(Records shown begins)

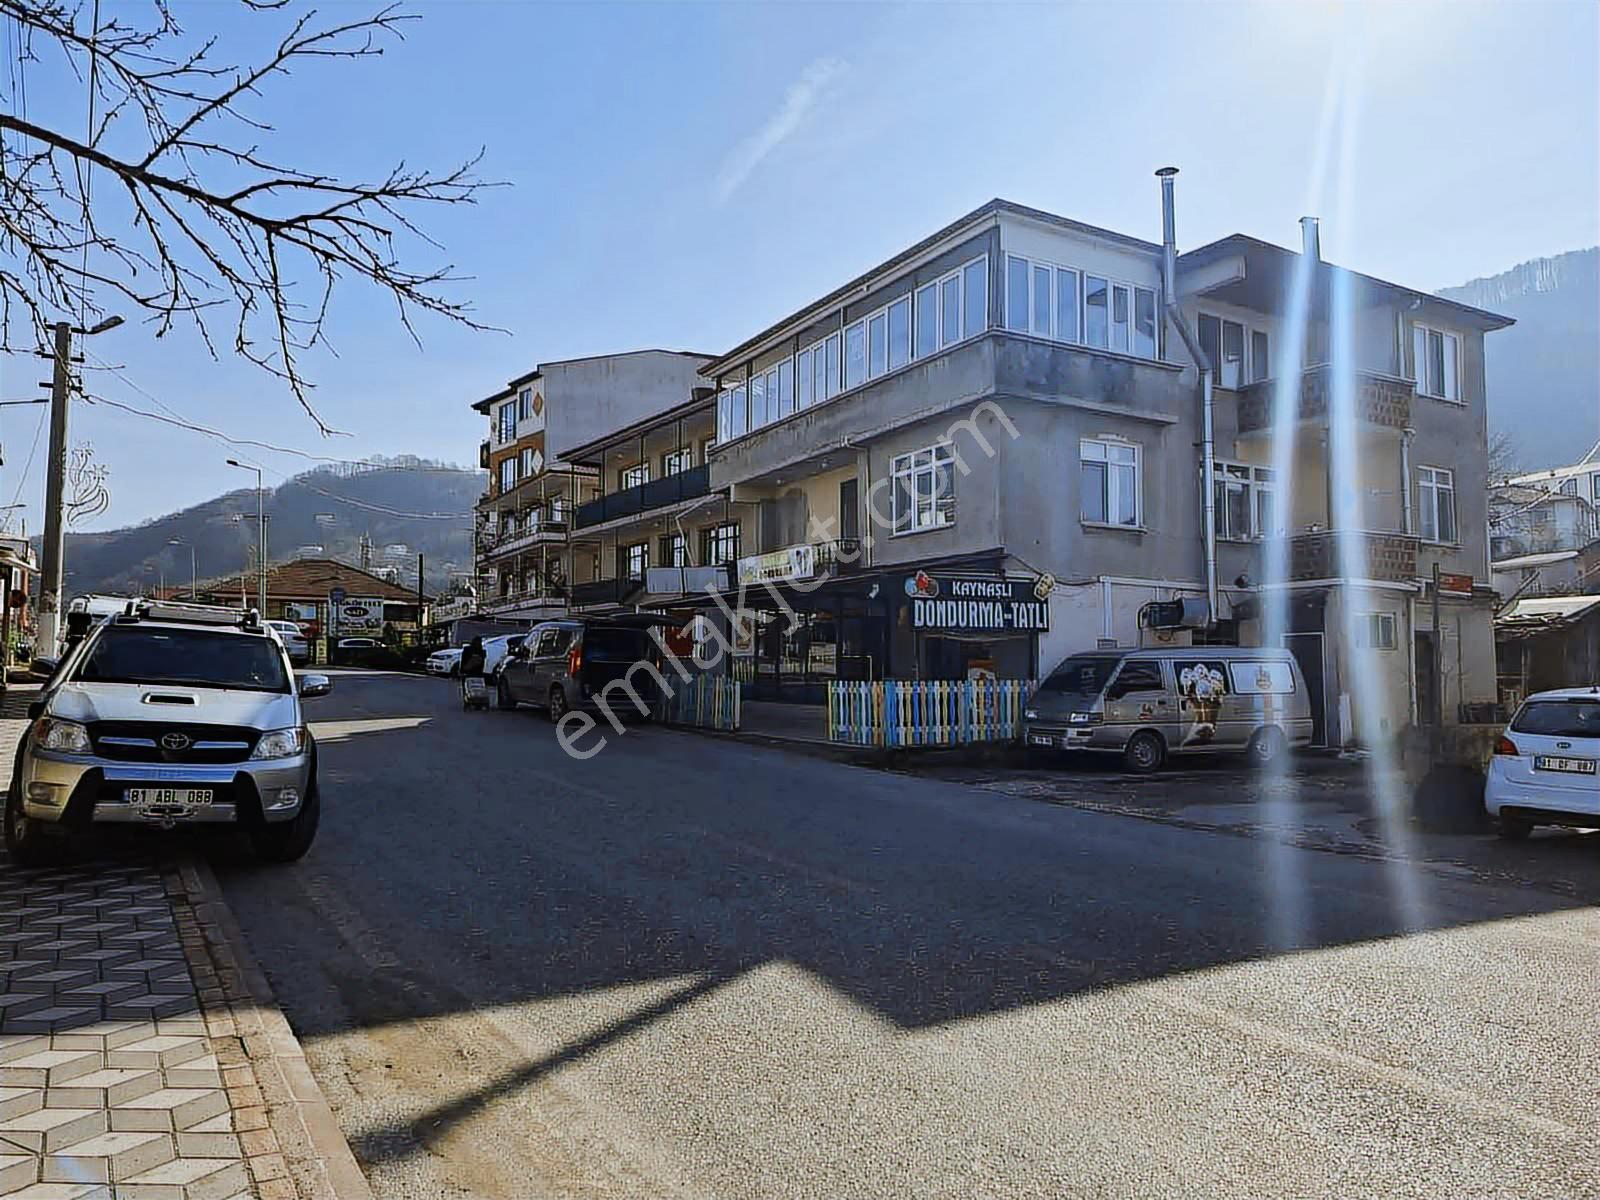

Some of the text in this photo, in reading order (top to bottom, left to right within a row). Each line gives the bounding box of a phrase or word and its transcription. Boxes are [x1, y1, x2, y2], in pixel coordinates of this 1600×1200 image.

[952, 580, 1012, 599] KAYNAŞLI
[131, 789, 146, 803] 81
[156, 789, 178, 803] ABL
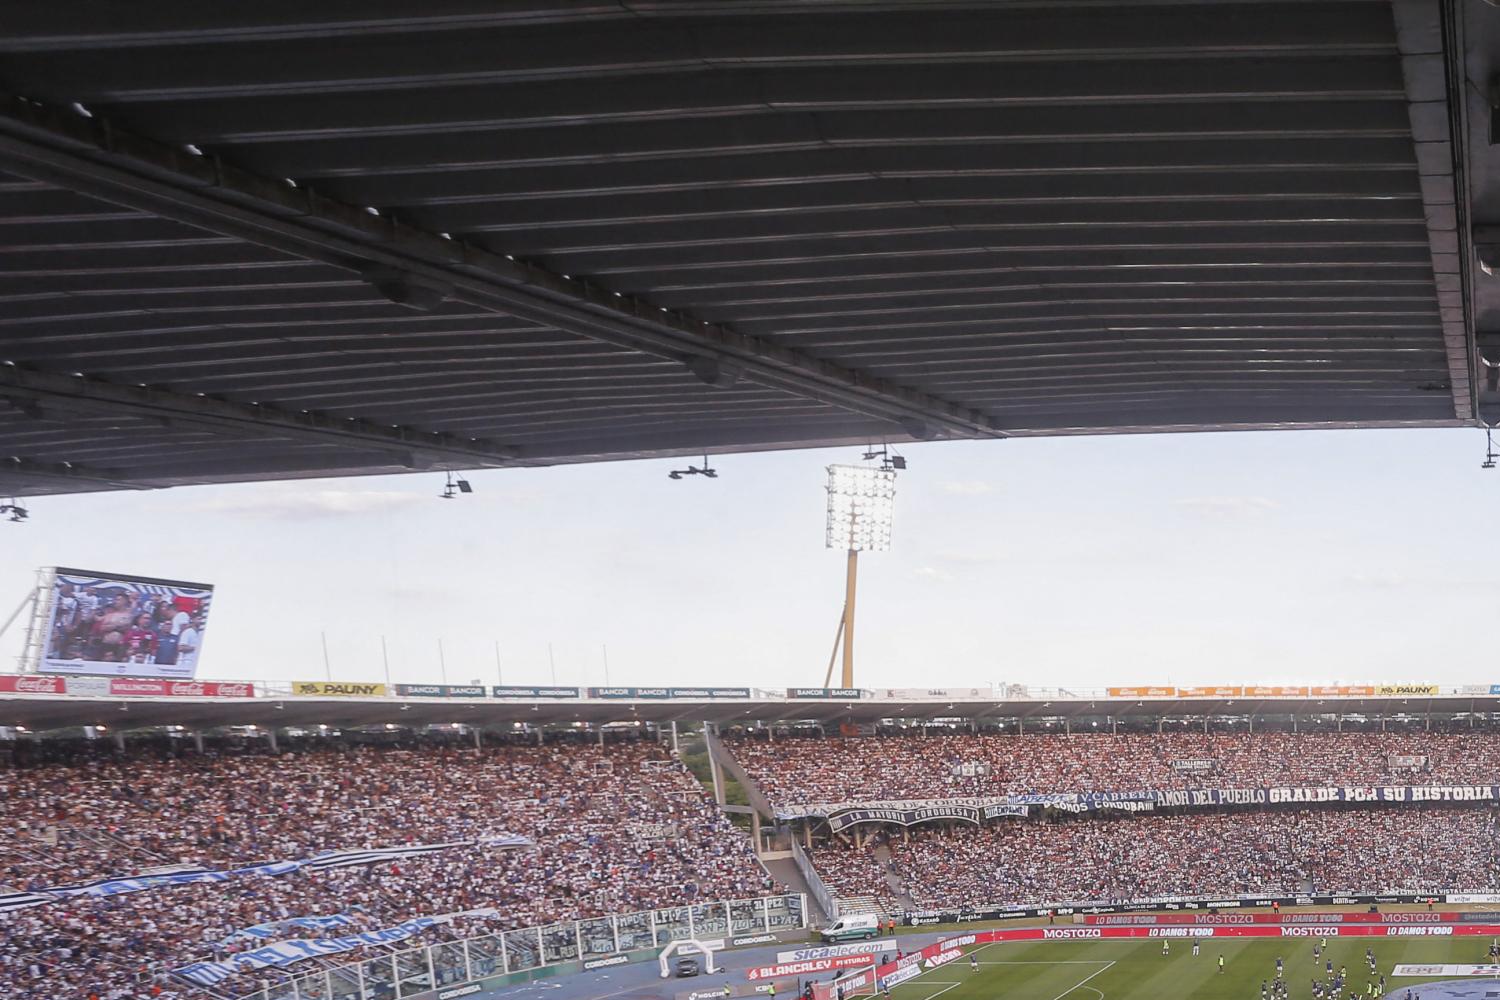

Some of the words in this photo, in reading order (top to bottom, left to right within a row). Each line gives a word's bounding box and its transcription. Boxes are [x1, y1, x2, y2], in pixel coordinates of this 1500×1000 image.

[323, 684, 377, 695] PAUNY
[408, 686, 439, 694] BANCOR
[450, 687, 482, 695] BANCOR
[638, 688, 667, 696] BANCOR
[831, 689, 858, 697] BANCOR
[1396, 686, 1432, 695] PAUNY
[1191, 790, 1216, 805] DEL
[1218, 789, 1265, 804] PUEBLO
[1269, 787, 1339, 802] GRANDE
[1344, 786, 1381, 801] POR
[1384, 786, 1406, 801] SU
[1411, 786, 1493, 800] HISTORIA
[1149, 927, 1158, 936] LO
[1159, 927, 1188, 936] DAMOS
[1387, 926, 1396, 935] LO
[1398, 926, 1426, 935] DAMOS
[794, 943, 882, 961] sicaelec.com
[760, 960, 831, 977] BLANCALEY
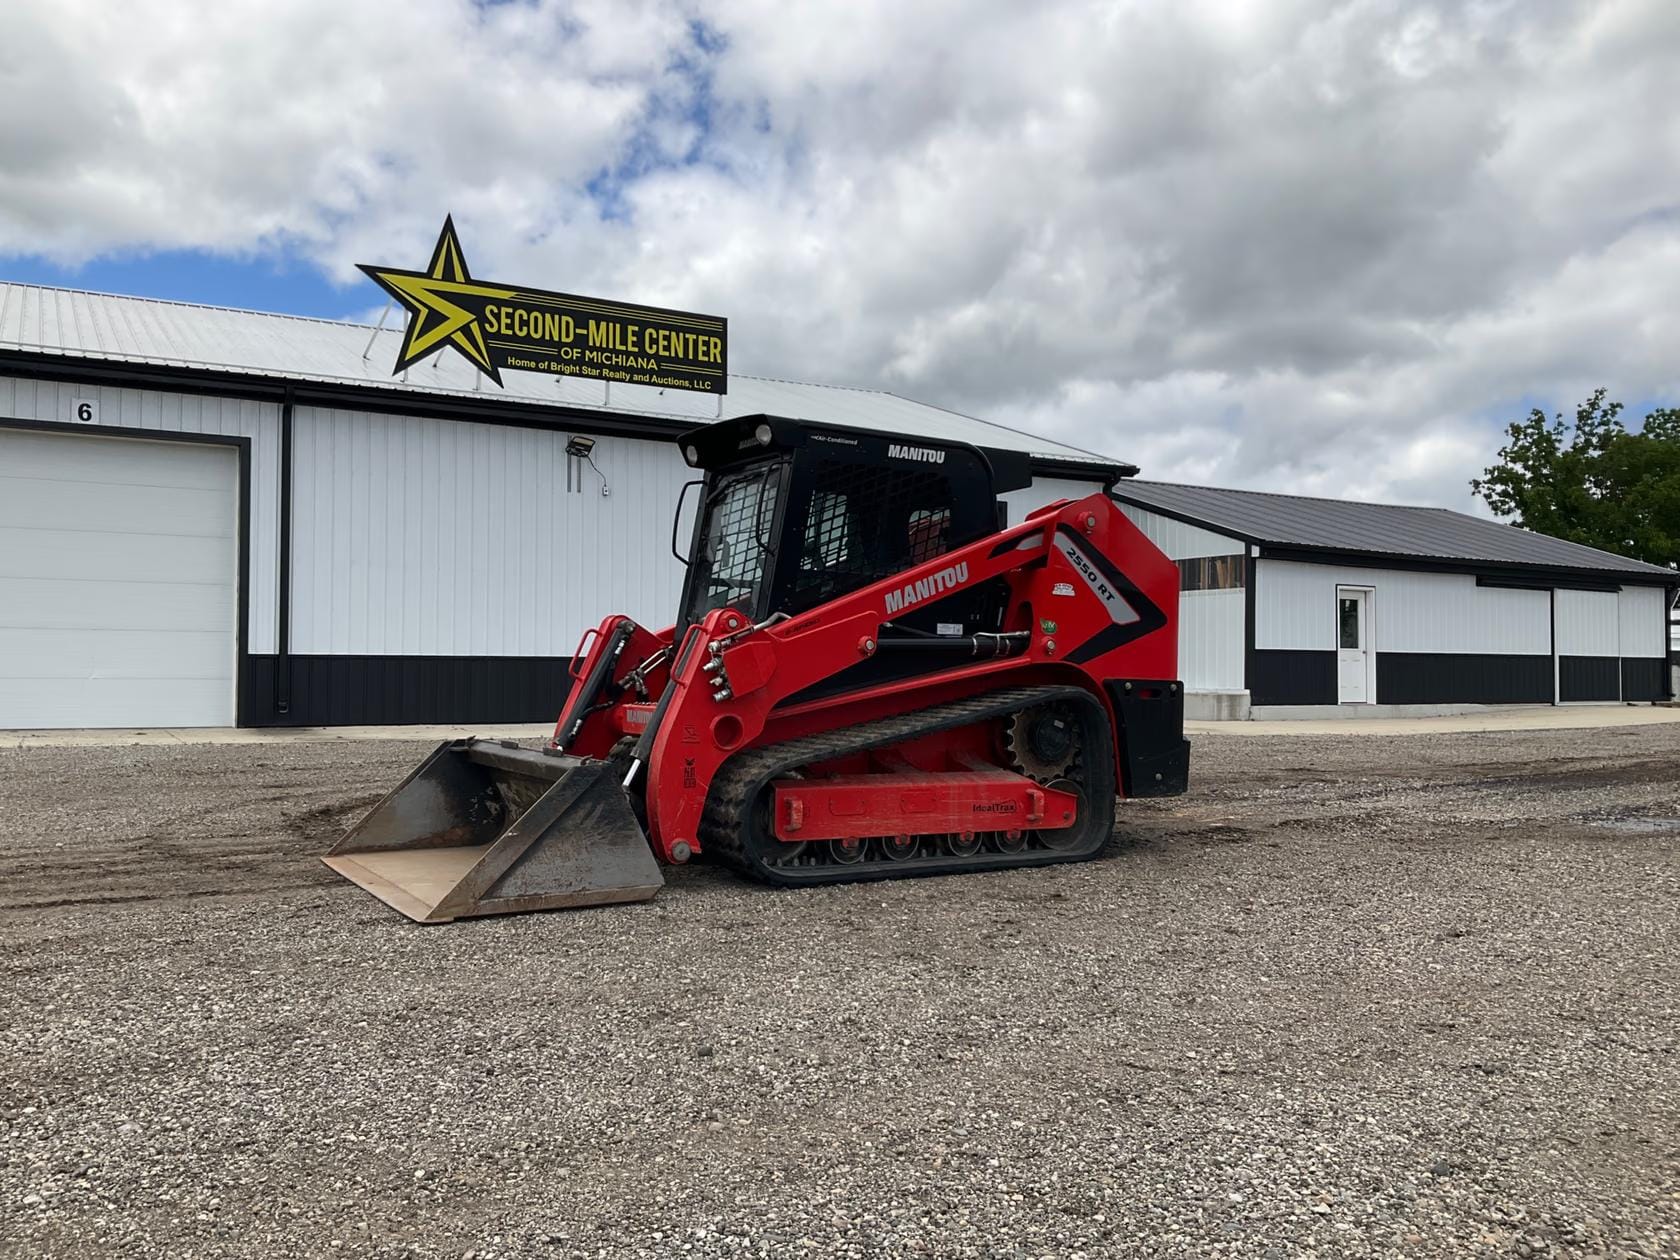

(Records shown ends)

* Task objective *
Line by line, write out the records above exactly, skipping the pictures.

* The answer *
Some of the text in this photo, in reading order (top to bottom, left to right within a row). Each line gives the bounding box of a phrase or word and its transcription. Boxes are [x1, y1, x2, y2], in pixel coordinates of this 1600×1200 image.

[952, 580, 1012, 599] KAYNAŞLI
[131, 789, 146, 803] 81
[156, 789, 178, 803] ABL

Some of the words in this photo, in reading order (top to bottom, left to right within a row). Each line gives a word's bounding box and its transcription. Boxes are [x1, y1, x2, y2], in pixel coordinates of this 1500×1000 image.

[323, 684, 377, 695] PAUNY
[408, 686, 439, 694] BANCOR
[450, 687, 482, 695] BANCOR
[638, 688, 667, 696] BANCOR
[831, 689, 858, 697] BANCOR
[1396, 686, 1432, 695] PAUNY
[1191, 790, 1216, 805] DEL
[1218, 789, 1265, 804] PUEBLO
[1269, 787, 1339, 802] GRANDE
[1344, 786, 1381, 801] POR
[1384, 786, 1406, 801] SU
[1411, 786, 1493, 800] HISTORIA
[1149, 927, 1158, 936] LO
[1159, 927, 1188, 936] DAMOS
[1387, 926, 1396, 935] LO
[1398, 926, 1426, 935] DAMOS
[794, 943, 882, 961] sicaelec.com
[760, 960, 831, 977] BLANCALEY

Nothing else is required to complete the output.